◆ **Task details**
Repeat the data exactly. Pictures are not part of the copy.

╔══

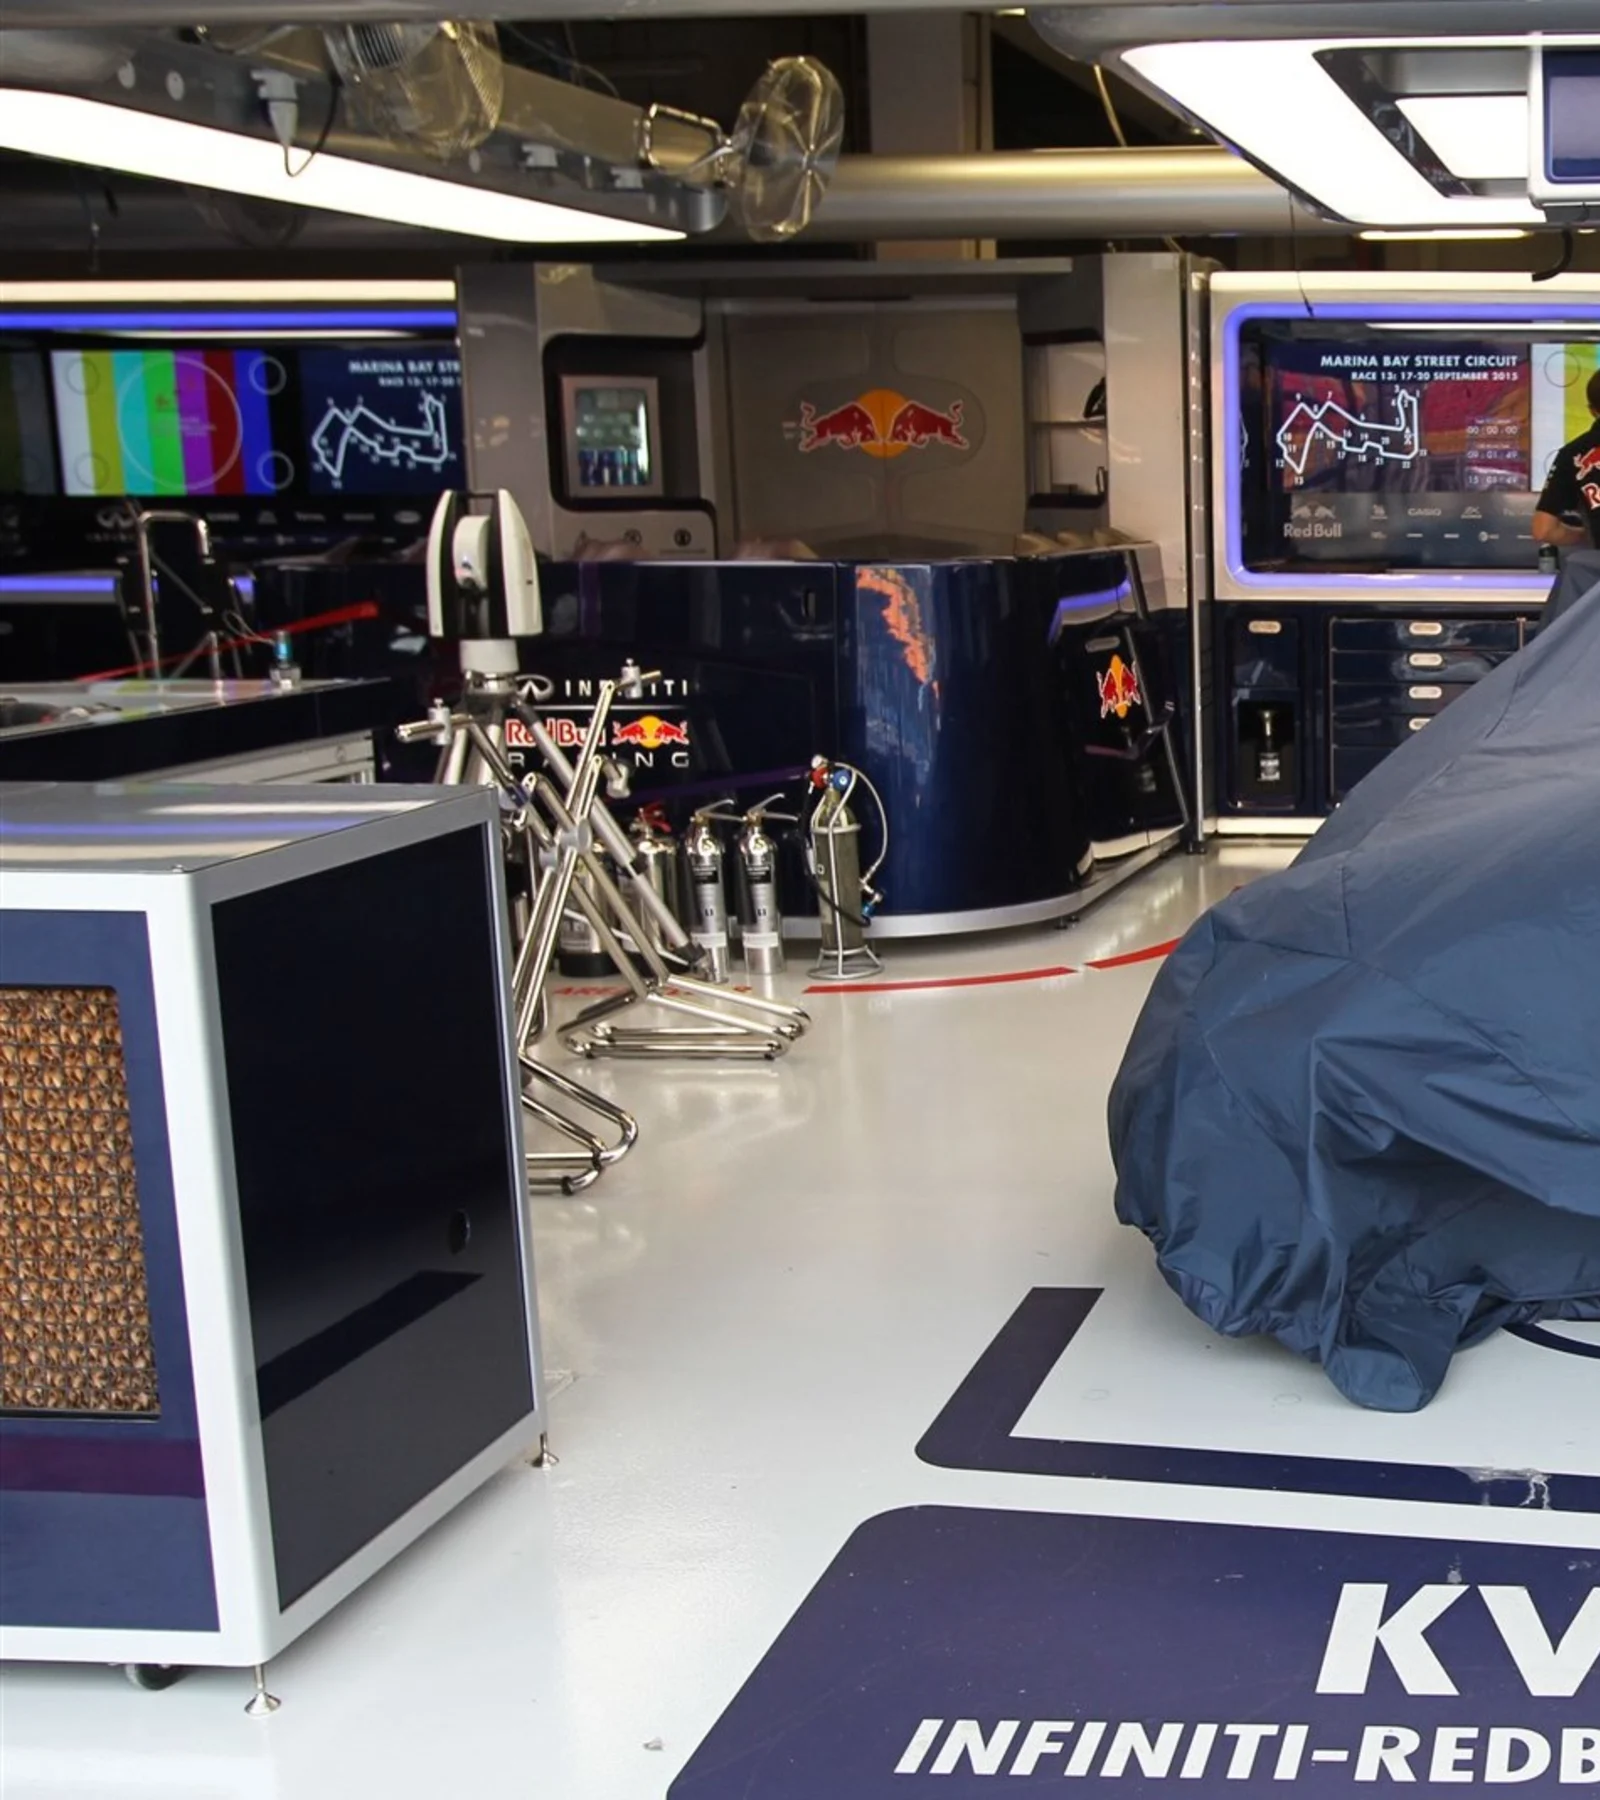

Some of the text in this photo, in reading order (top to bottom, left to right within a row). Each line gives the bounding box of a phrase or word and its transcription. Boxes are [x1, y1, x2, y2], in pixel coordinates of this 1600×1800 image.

[348, 360, 405, 373] MARINA
[407, 360, 434, 373] BAY
[1320, 355, 1518, 367] MARINA BAY STREET CIRCUIT
[1351, 371, 1377, 381] RACE
[1400, 371, 1430, 381] 17-20
[1433, 371, 1489, 381] SEPTEMBER
[1491, 371, 1519, 381] 2015
[1407, 507, 1442, 517] CASIO
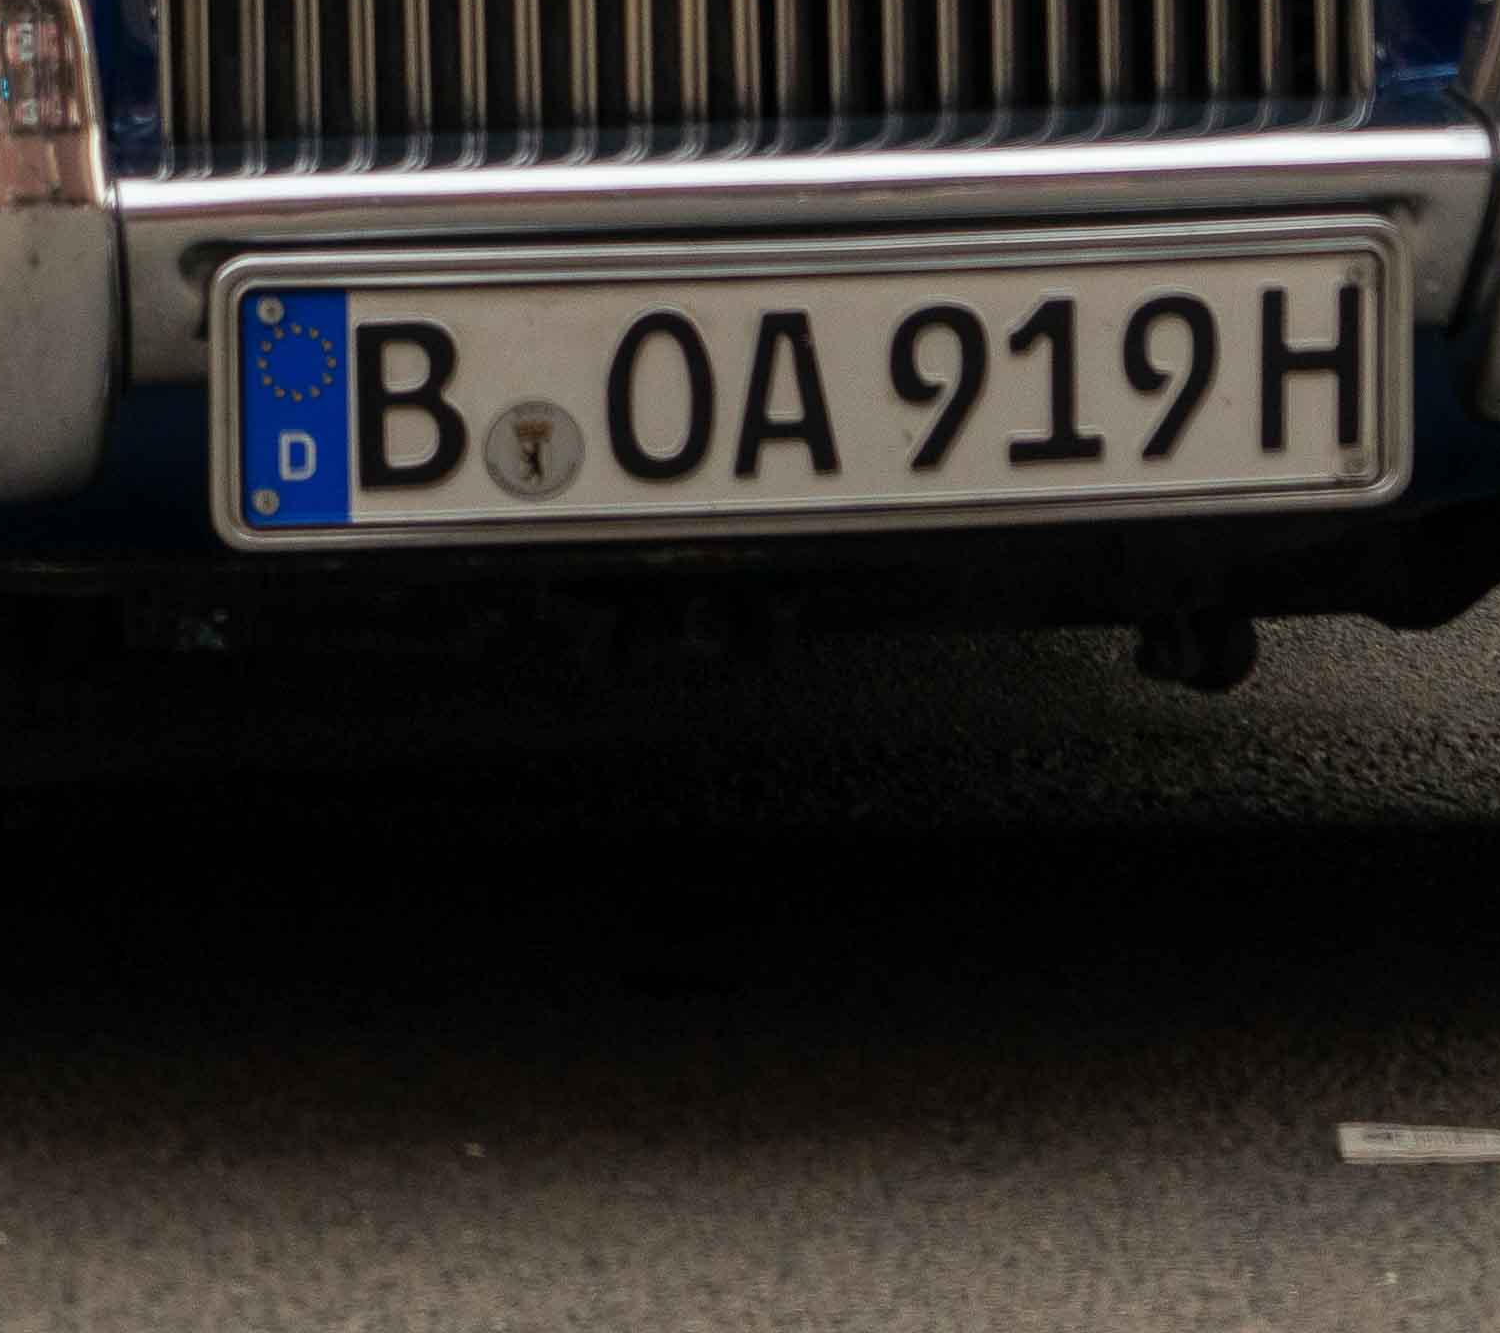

╚══

◆ **Finished task**
Some of the text in this photo, in reading order (top to bottom, left to right within a row). Each line gives the bounding box of a phrase or word and its transcription. Boxes are [x1, y1, x2, y2], in pixel coordinates of this 1600×1800 image.

[348, 360, 405, 373] MARINA
[407, 360, 434, 373] BAY
[1320, 355, 1518, 367] MARINA BAY STREET CIRCUIT
[1351, 371, 1377, 381] RACE
[1400, 371, 1430, 381] 17-20
[1433, 371, 1489, 381] SEPTEMBER
[1491, 371, 1519, 381] 2015
[1407, 507, 1442, 517] CASIO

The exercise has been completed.